__Problem to work on__. Output the data in full. Keep every word exact and exclude the pictures.

(Saved entries)

Start of Block

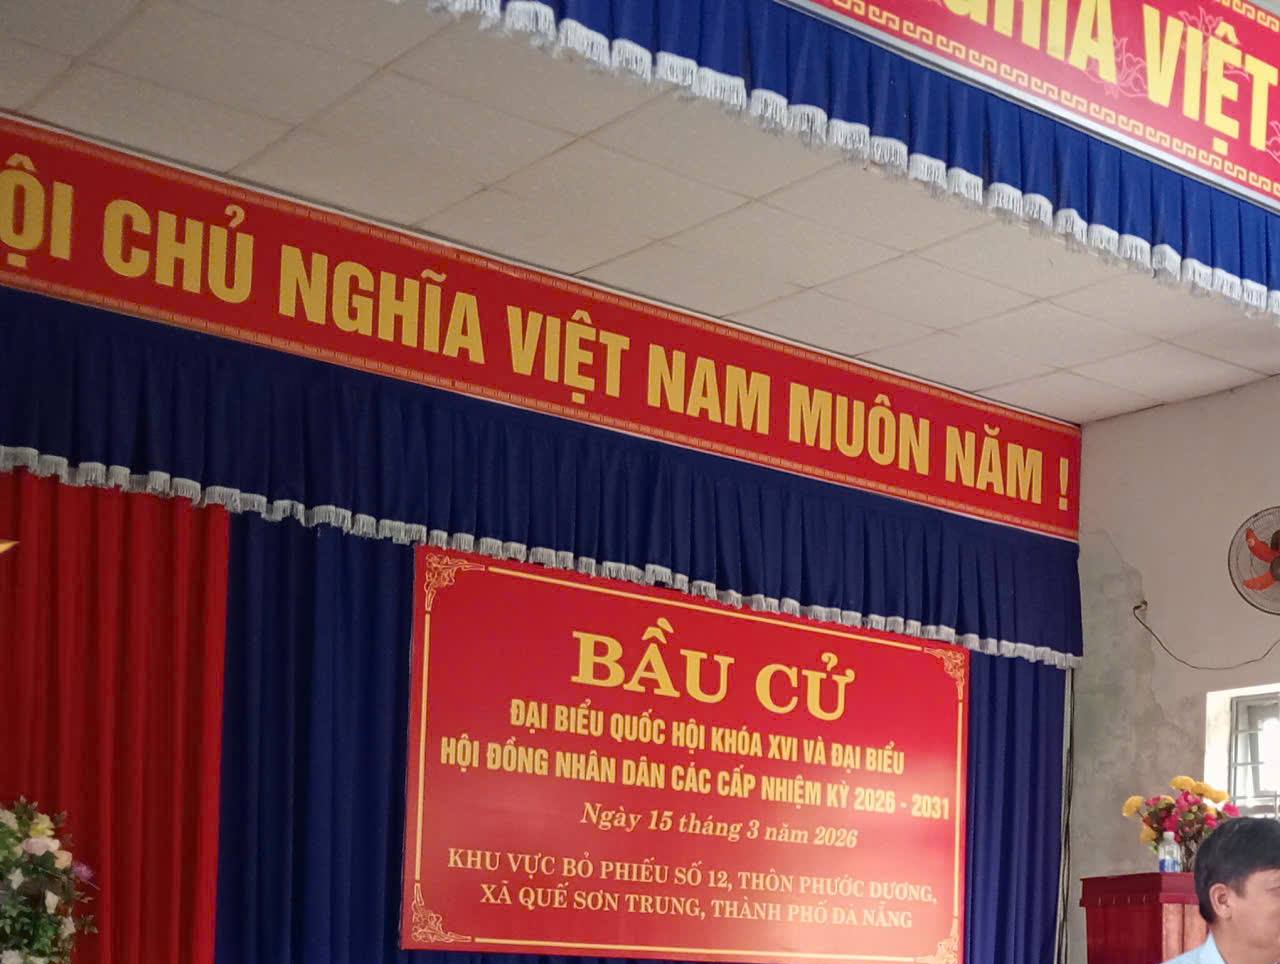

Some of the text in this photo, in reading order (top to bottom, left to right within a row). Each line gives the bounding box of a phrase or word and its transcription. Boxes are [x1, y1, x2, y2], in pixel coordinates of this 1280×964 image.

[1143, 3, 1279, 157] VIỆT
[103, 204, 254, 304] CHỦ
[278, 244, 485, 364] NGHĨA
[507, 304, 630, 404] VIỆT
[647, 343, 771, 436] NAM
[788, 383, 930, 476] MUÔN
[945, 423, 1042, 504] NĂM
[1059, 457, 1070, 511] !
[571, 617, 856, 721] BẦU CỬ
[440, 733, 479, 772] HỘI
[486, 736, 548, 775] ĐỒNG
[555, 750, 616, 784] NHÂN
[622, 756, 665, 789] DÂN
[671, 762, 711, 794] CÁC
[717, 764, 756, 798] CẤP
[762, 775, 821, 809] NHIỆM
[827, 781, 849, 808] KỲ
[854, 787, 896, 814] 2026
[912, 794, 949, 821] 2031
[510, 698, 905, 775] ĐẠI BIỂU QUỐC HỘI KHÓA XVI VÀ ĐẠI BIỂU
[580, 802, 858, 848] Ngày 15 tháng 3 năm 2026
[448, 848, 937, 904] KHU VỰC BỎ PHIẾU SỐ 12, THÔN PHƯỚC DƯƠNG,
[480, 880, 512, 904] XÃ
[518, 882, 568, 910] QUẾ
[573, 889, 619, 912] SƠN
[625, 894, 706, 920] TRUNG,
[711, 896, 781, 921] THÀNH
[788, 900, 829, 924] PHỐ

End of Block

__Exercise solution__.
Some of the text in this photo, in reading order (top to bottom, left to right within a row). Each line gives the bounding box of a phrase or word and its transcription. Boxes are [x1, y1, x2, y2], in pixel coordinates of this 1280×964 image.

[1143, 3, 1279, 157] VIỆT
[103, 204, 254, 304] CHỦ
[278, 244, 485, 364] NGHĨA
[507, 304, 630, 404] VIỆT
[647, 343, 771, 436] NAM
[788, 383, 930, 476] MUÔN
[945, 423, 1042, 504] NĂM
[1059, 457, 1070, 511] !
[571, 617, 856, 721] BẦU CỬ
[440, 733, 479, 772] HỘI
[486, 736, 548, 775] ĐỒNG
[555, 750, 616, 784] NHÂN
[622, 756, 665, 789] DÂN
[671, 762, 711, 794] CÁC
[717, 764, 756, 798] CẤP
[762, 775, 821, 809] NHIỆM
[827, 781, 849, 808] KỲ
[854, 787, 896, 814] 2026
[912, 794, 949, 821] 2031
[510, 698, 905, 775] ĐẠI BIỂU QUỐC HỘI KHÓA XVI VÀ ĐẠI BIỂU
[580, 802, 858, 848] Ngày 15 tháng 3 năm 2026
[448, 848, 937, 904] KHU VỰC BỎ PHIẾU SỐ 12, THÔN PHƯỚC DƯƠNG,
[480, 880, 512, 904] XÃ
[518, 882, 568, 910] QUẾ
[573, 889, 619, 912] SƠN
[625, 894, 706, 920] TRUNG,
[711, 896, 781, 921] THÀNH
[788, 900, 829, 924] PHỐ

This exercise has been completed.